It is common practice in computerized networks to store data in a temporary storage location in order to reduce a need to retrieve the same data from a remote location in the future. The temporary storage location is commonly referred to as a cache. In general a cache has a finite size. Therefore, a number of cache management techniques have been developed in an attempt to allocate the limited storage space in the cache among a large number of diverse requests and responses.
For example, in a video server environment, some video objects (e.g., movies) are very large and are read sequentially. This makes caching of the entire object inefficient. In caching video movies, a technique called head caching, in which a first portion of each object is stored, is often employed. Implementation of head caching means that a first portion of a video object is retained in a local cache. A request for the object results in streaming of data from the local cache to the requesting device with concurrent retrieval of the remainder of the object from its remote source.

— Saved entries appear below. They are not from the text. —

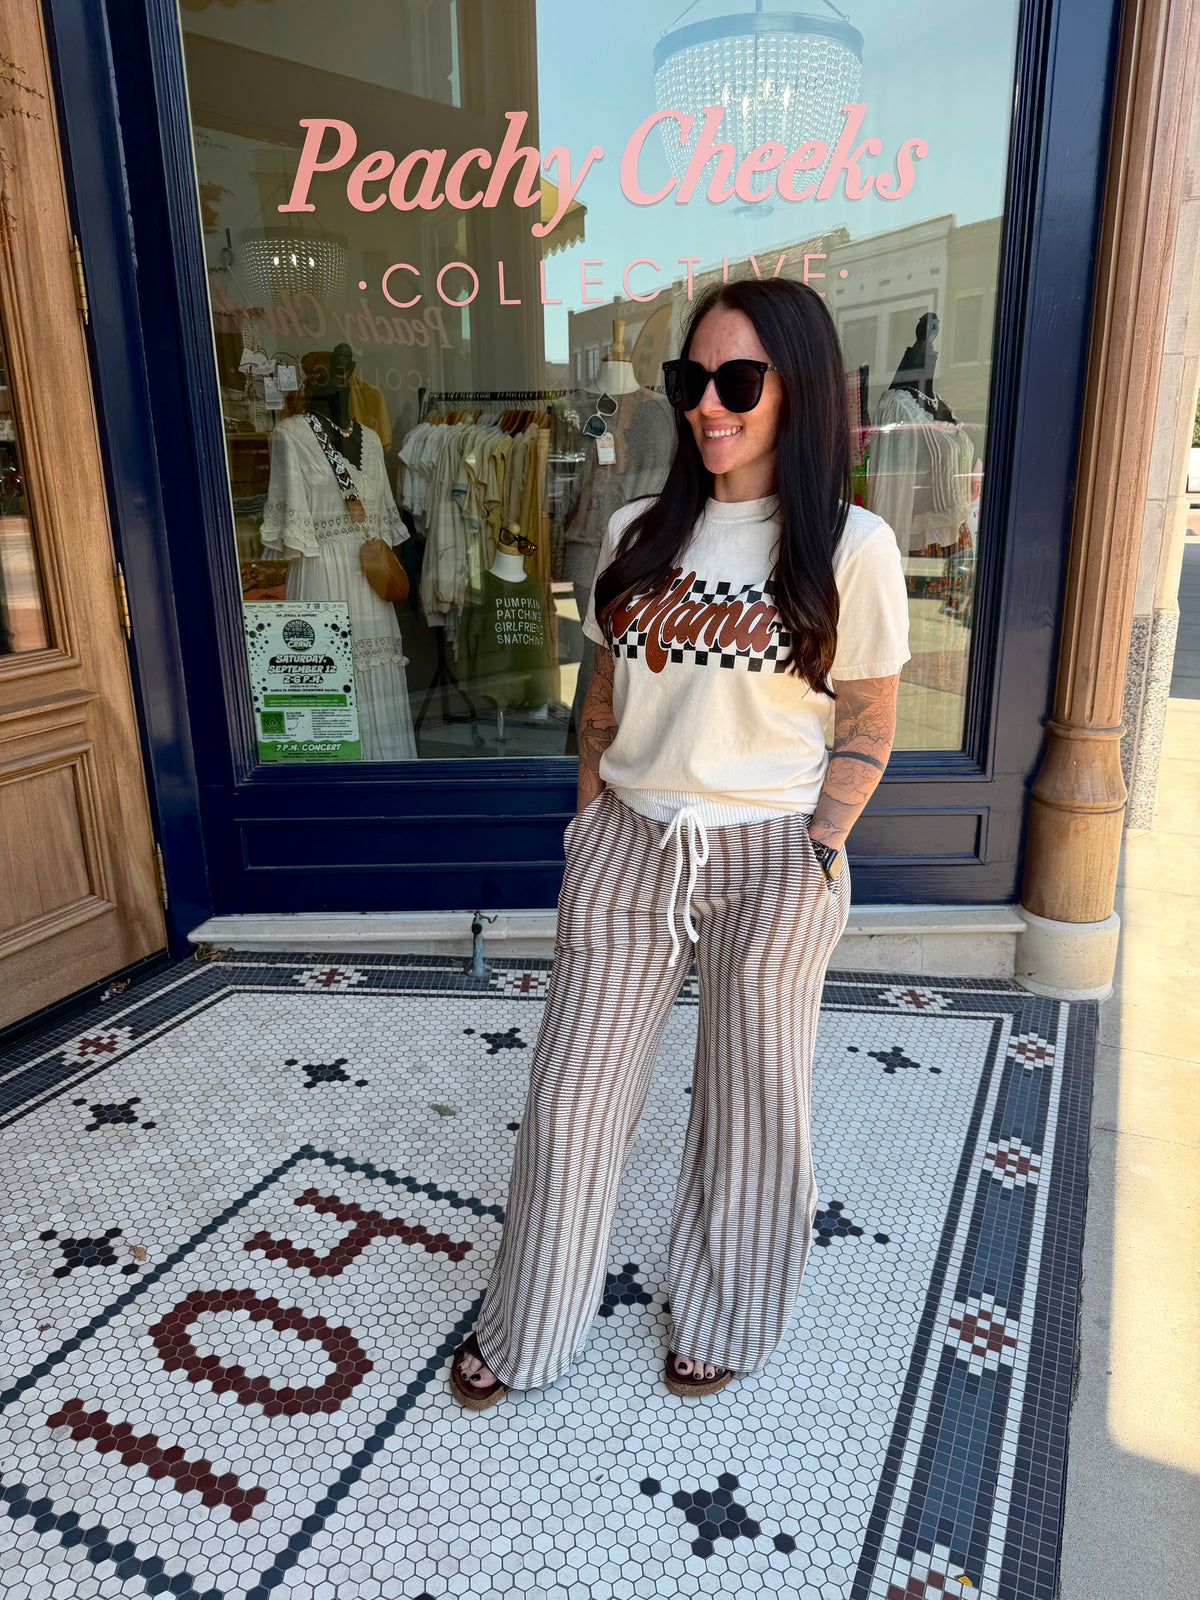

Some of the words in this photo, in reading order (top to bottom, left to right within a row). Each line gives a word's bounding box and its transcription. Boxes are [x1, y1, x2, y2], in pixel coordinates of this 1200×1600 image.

[278, 111, 604, 238] Peachy
[619, 104, 929, 208] Cheeks
[495, 597, 541, 609] PUMPKIN
[610, 566, 779, 674] Mama
[494, 621, 543, 635] GIRLFRIE
[268, 664, 324, 674] SEPTEMBER
[325, 664, 337, 674] 12
[276, 744, 282, 752] 7
[282, 744, 300, 752] P.M.
[301, 743, 342, 752] CONCERT
[46, 1187, 473, 1522] 104
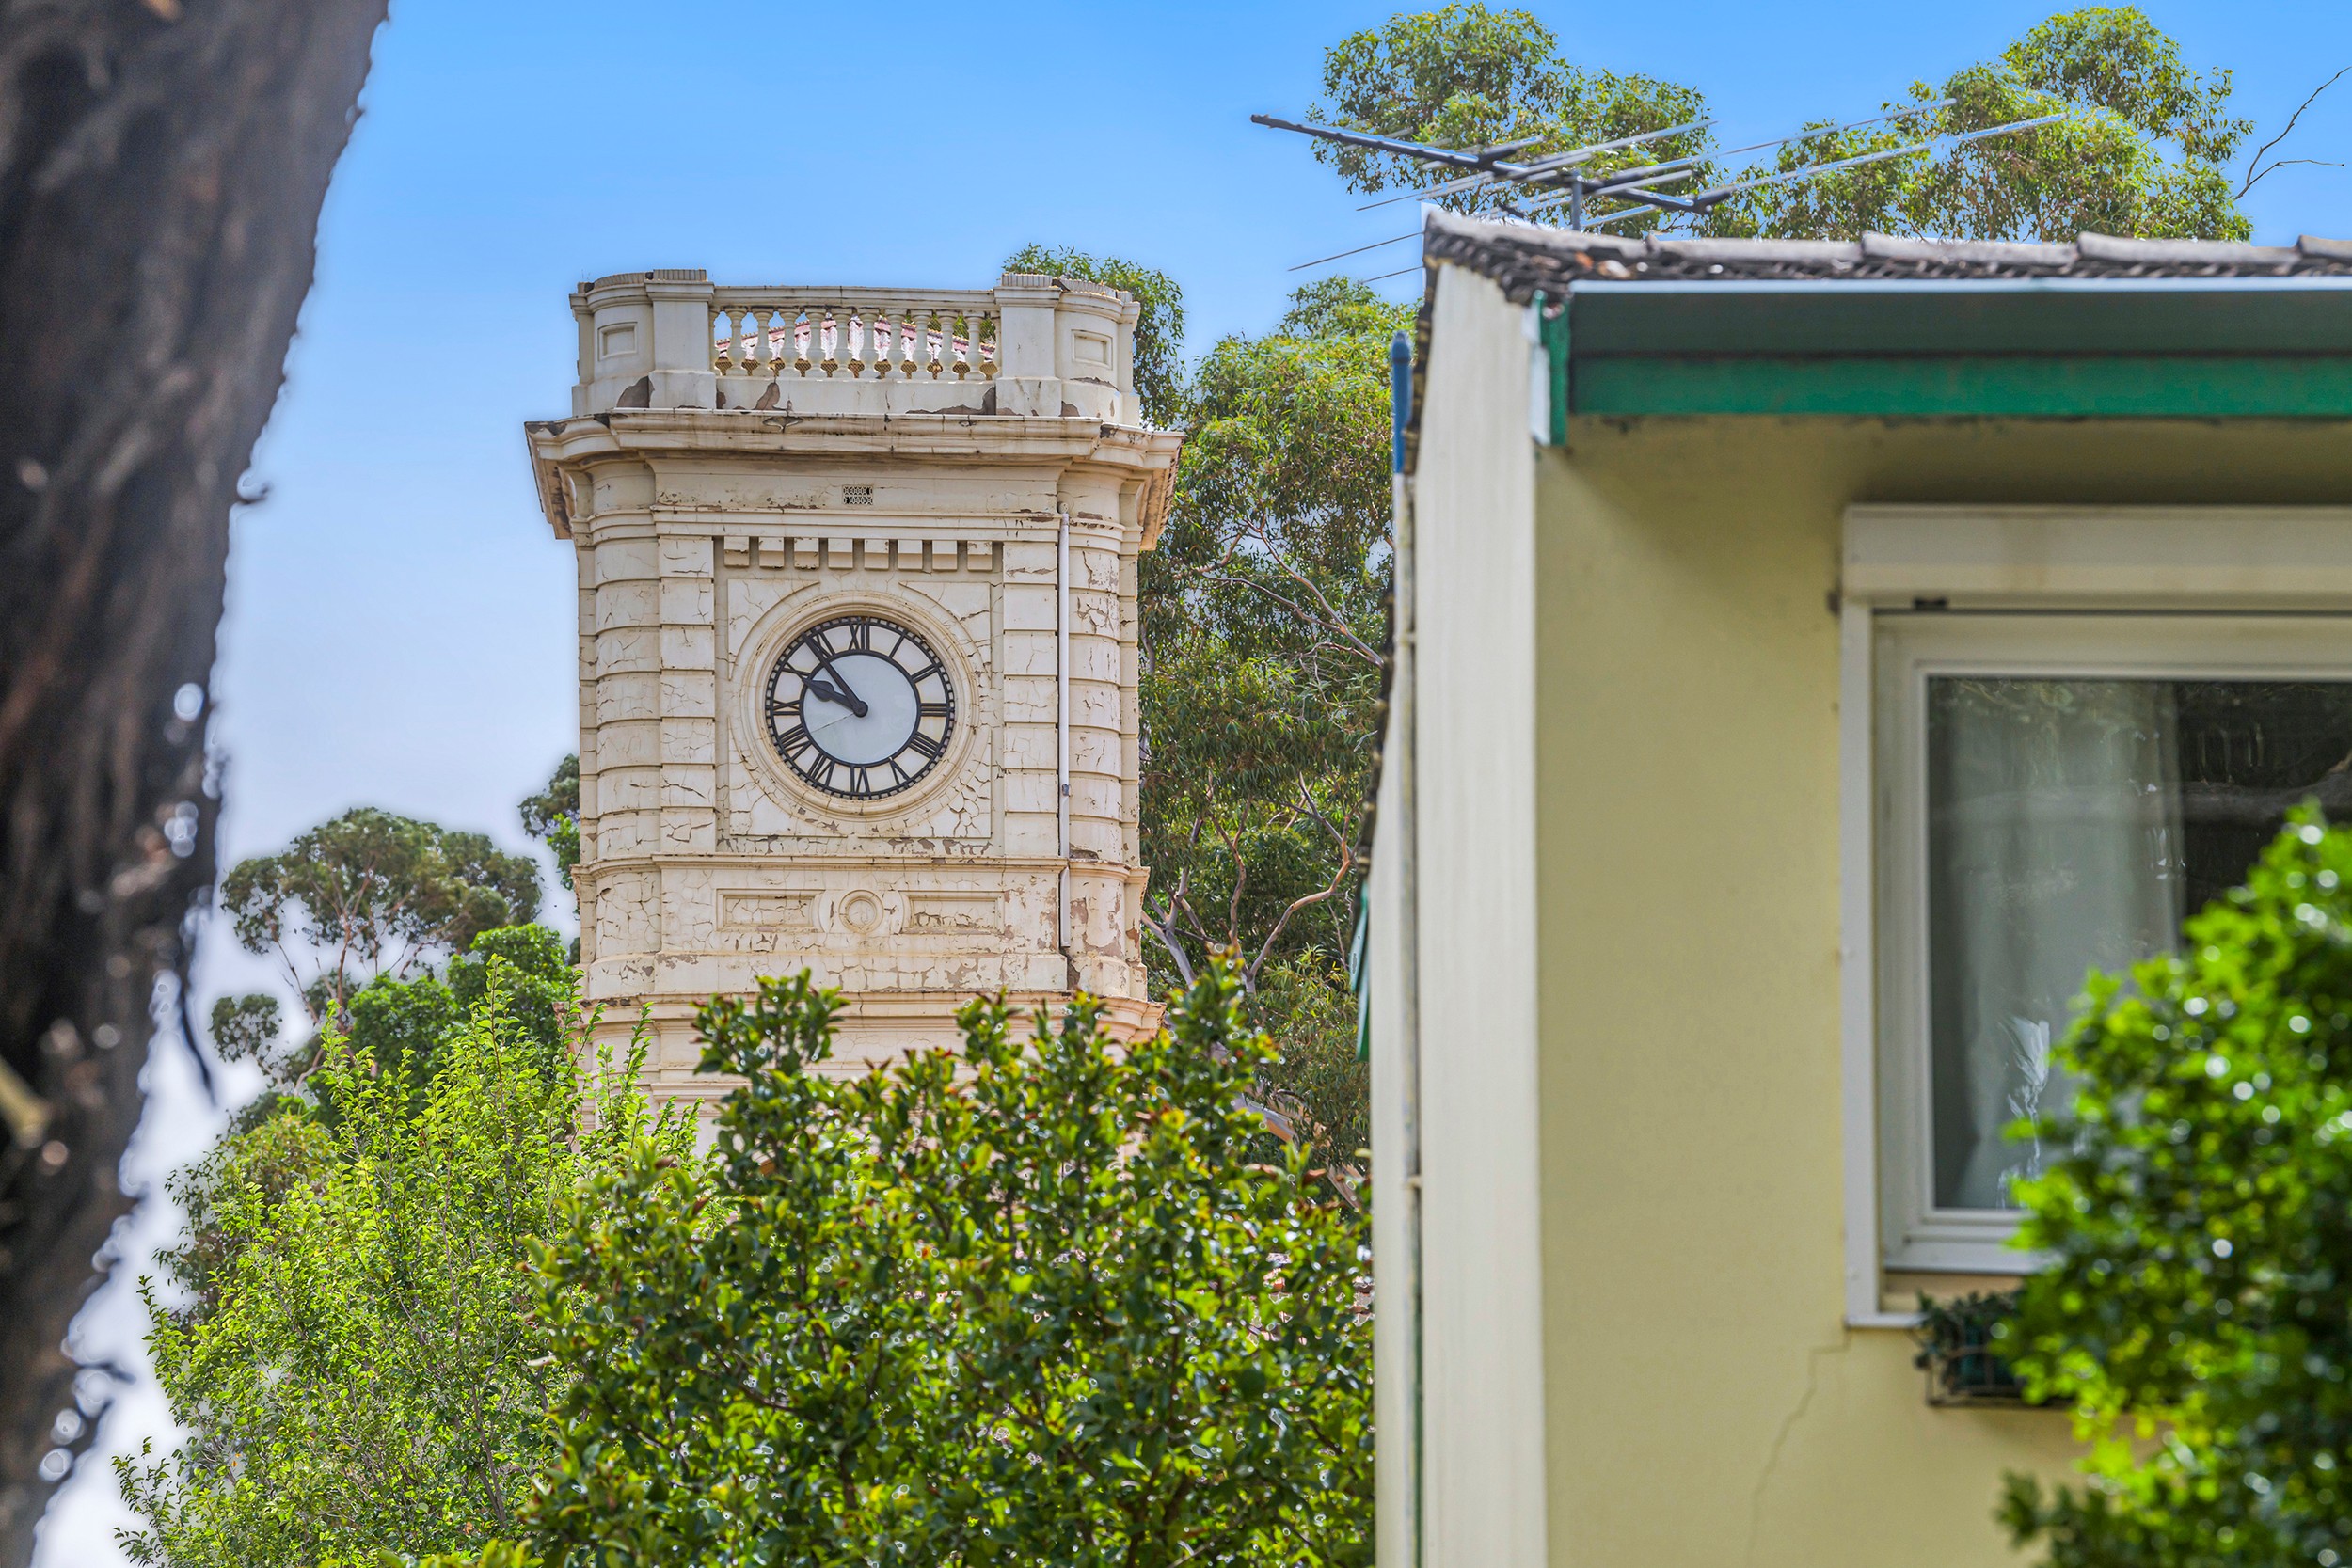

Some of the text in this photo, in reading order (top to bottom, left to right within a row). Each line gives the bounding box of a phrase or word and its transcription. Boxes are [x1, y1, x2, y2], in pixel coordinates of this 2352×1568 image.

[848, 624, 870, 651] XII
[888, 633, 905, 659] I
[910, 662, 940, 683] II
[771, 698, 802, 716] IX
[919, 702, 947, 717] III
[777, 723, 813, 762] VIII
[907, 730, 942, 760] IIII
[807, 752, 836, 788] VII
[850, 765, 871, 793] VI
[888, 757, 912, 786] V

An additional caching algorithm, referred to as interval caching, is employed to handle concurrent requests from similar devices for a same content resource. In interval caching, the sequential relationship of data blocks is exploited and the interval defined by multiple successive streams of the same content is cached (“A Generalized Interval Caching Policy for Mixed Interactive”, A. Dan, D. Sitaram (1996) http://citeseer.ist.psu.edu/cachedpage/164940/1; the disclosure of which is fully incorporated herein by reference). The set of data blocks between a first and last block currently being accessed by one of the streams is termed the “access interval”.
In cases where requests for the same content are received over a period of time, “ . . . it is preferable to retain the cached content over a relatively long time period.” (Proxy Caching for Media Streaming Over the Internet”—a survey, J. Liu, J. Xu, http://www.cs.sfu.ca/˜jcliu/Papers/comm04.pdf; the disclosure of which is fully incorporated herein by reference). However, the effectiveness of Interval Caching “ . . . diminishes with increased access intervals. If the access interval of the same object is longer than the duration of the playback, the algorithm is degenerated to the unaffordable full-object caching.” (J. Liu, J. Xu; Ibid.). For software updates to multiple devices of the same type which are served new software from a central site, this becomes a significant problem as software upgrade operations are not executed at the same precise time.

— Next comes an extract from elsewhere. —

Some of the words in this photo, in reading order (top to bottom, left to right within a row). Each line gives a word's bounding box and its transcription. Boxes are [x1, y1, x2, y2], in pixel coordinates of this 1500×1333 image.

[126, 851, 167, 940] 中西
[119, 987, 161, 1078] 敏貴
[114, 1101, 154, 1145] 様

In general, the more content retained in a cache, the greater the memory requirements of the cache. However, since a single cache is often employed for more than one file and/or object and/or task, decreasing storage time can compensate to some degree for decreasing storage volume in reducing a required cache size.

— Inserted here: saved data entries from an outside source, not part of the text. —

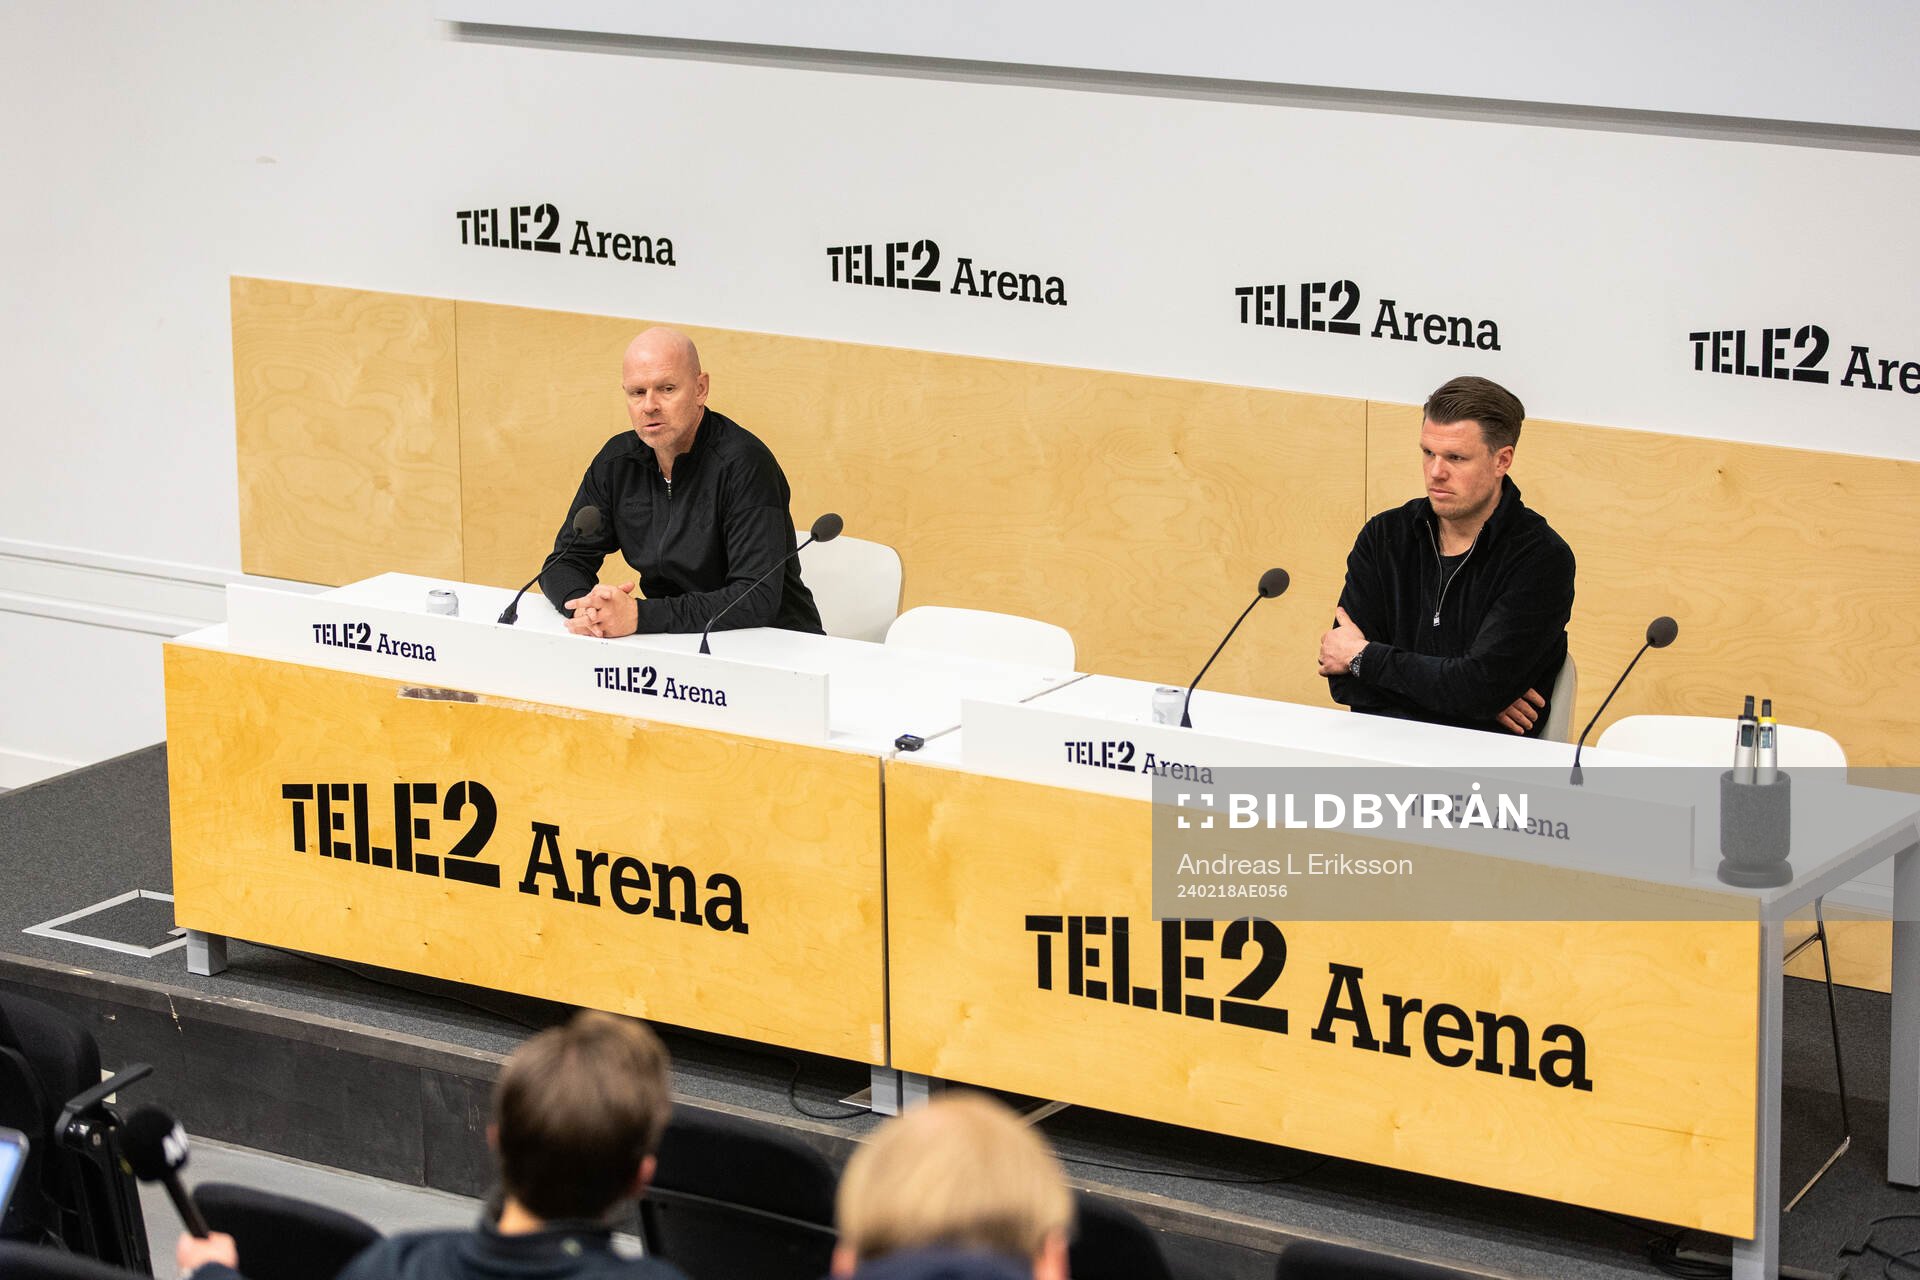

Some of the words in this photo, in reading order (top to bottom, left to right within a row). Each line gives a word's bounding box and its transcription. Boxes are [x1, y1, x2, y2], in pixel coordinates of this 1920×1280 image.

[456, 203, 561, 254] TELE2
[569, 220, 676, 267] Arena
[826, 239, 941, 293] TELE2
[950, 257, 1068, 306] Arena
[1235, 279, 1361, 336] TELE2
[1370, 299, 1501, 351] Arena
[1689, 324, 1830, 385] TELE2
[312, 622, 371, 652] TELE2
[376, 633, 437, 662] Arena
[594, 666, 658, 697] TELE2
[662, 677, 727, 707] Arena
[1064, 741, 1136, 773] TELE2
[1141, 752, 1214, 785] Arena
[281, 780, 501, 889] TELE2
[518, 821, 749, 935] Arena
[1024, 915, 1289, 1035] TELE2
[1310, 962, 1593, 1093] Arena

Attempts to optimize the use of cache resources can result in increased complexity of the caching algorithm (see for example “Resource Based Caching for Web Servers” http://www.cs.utexas.edu/users/vin/pub/pdf/mmcn98rbc.pdf; the disclosure of which is fully incorporated herein by reference)
U.S. Pat. No. 5,787,472 relates to a disk caching system for selectively providing interval caching or segment caching of video data. The specification of this patent is fully incorporated herein by reference.
U.S. Pat. Nos. 6,834,329; 6,754,699 and 6,742,019 relate to caching technology and are cited here as being indicative of the general level of the art. The specifications of these patents are fully incorporated herein by reference.